Disassembling the 2.4.3 USB firmware and looking at the firmware upload process of the USB version 1 devices (the registers acceeded through the memory window are registers that control the DMA engine ; they are used to write the firmware to the device's memory efficiently), he found out how to perform DMA transfers to and from the PCI bus.

With the help of Jean Baptiste, I found out how what I called the "event subsystem" worked. This system gathers all interrupt sources from the chip and allows the firmware to precisely select what event should be ignored, trigger an IRQ in the ARM or a FIQ (Fast Interrupt Query, a high-priority interrupt - see ARM docs). I was then able to rewrite my command-line interface "cleanly", ie. using asynchronous interrupt-driven transfers and not busy waiting on hardware registers.

At this time, ISLMON was renamed to FreeMAC (to make some fun of Conexant/Intersil's "FullMAC" and "SoftMAC"): as we found reverse engineering very interesting, we decided to launch the project of writing a fully fledged firmware.

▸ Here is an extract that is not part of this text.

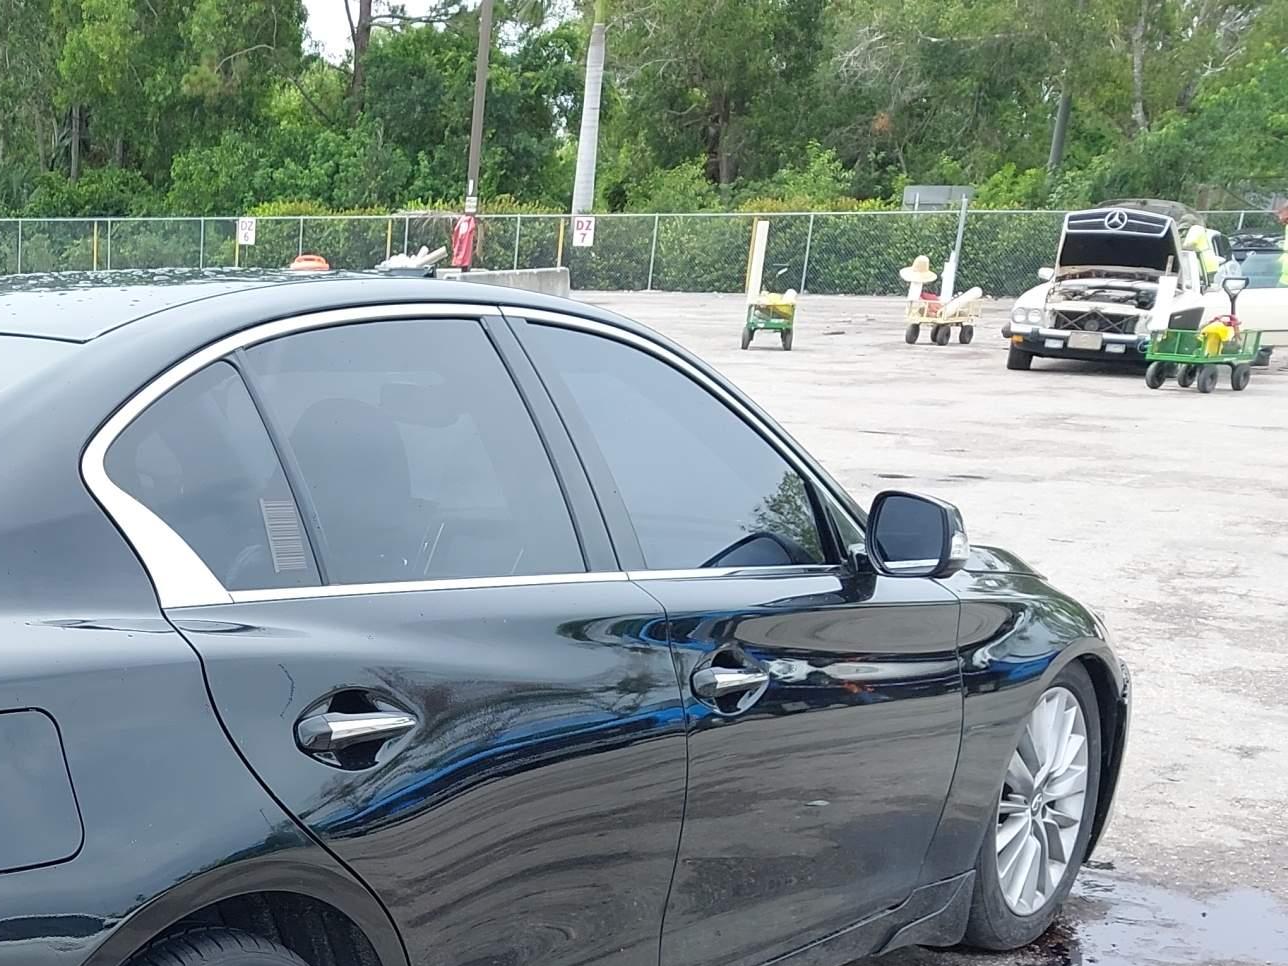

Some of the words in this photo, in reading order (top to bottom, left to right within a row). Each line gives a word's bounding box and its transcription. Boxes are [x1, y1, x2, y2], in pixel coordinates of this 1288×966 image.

[241, 220, 254, 231] DZ
[576, 220, 593, 231] DZ
[243, 231, 249, 241] 6
[579, 232, 587, 243] 7

However, the big thing was missing : we completely lacked access to the radio. To reverse engineer it, I imagined a technique which consisted in emulating the firmware on a computer, but mapping unknown hardware registers and interrupts to the real hardware and logging what happened to them. To acheive this, the memory window was used and a special small firmware was uploaded into the device, which alerted the computer every time an interrupt was happening inside the device.
I implemented this using ARMulator from the GDB source, and it began to work. Emulating the 0.8.0 (FullMAC PCI !) firmware and mapping hardware registers to my Siemens Gigaset (SoftMAC USB !) I found out how to turn on the LED of my device, since this firmware was turning it on at startup.
But I gave up this technique. First, many ARM9 features are missing in ARMulator ; I implemented some but that's really a pain. Then, the radio timings would not be respected and in the PrismII I read that some are really critical. Finally, many features were using in-chip DMA, so the technique would also require synchronizing the emulator's memory with the device's - complicated and consuming USB/PCI bandwidth heavily. The technique did not have so many advantages over dead listing analysis, after all.

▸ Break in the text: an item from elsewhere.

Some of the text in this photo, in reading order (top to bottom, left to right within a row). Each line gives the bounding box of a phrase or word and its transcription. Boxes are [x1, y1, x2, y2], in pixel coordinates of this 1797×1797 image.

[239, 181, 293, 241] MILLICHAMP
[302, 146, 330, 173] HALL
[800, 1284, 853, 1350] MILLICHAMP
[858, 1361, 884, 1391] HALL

Looking closely at the two register writes needed to turn on the LED and experimenting with them, I guessed the chip had GPIO (General Purpose Input and Output) pins, and how to configure them. Analysing the disassembled firmware, Jean Baptiste found out the I2C EEPROM of the device was also connected directly to the GPIO pins, and to which ones. Later, I implemented in FreeMAC a software I2C bus protocol on these two GPIO pins, and was able to read the EEPROM.

Denis and I also figured out some information about the hardware cryptography accelerator of the chip, using in-chip DMA to encrypt any portion of the memory with no intervention of the ARM. We still lack many details (key and algorithm setup), but this is not a priority, we can do software encryption in the host for now.

Denis found out how to set up data transfers to and from the radio, but we don't know how to trigger them yet nor how to set up frequency, TX power, rate, modulation and preamble. We have some hints, however :)

The 3887's USB interface was another problem ; but thanks to Edis who rewrote the GW3887 ROM in C, we eventually managed to make it work.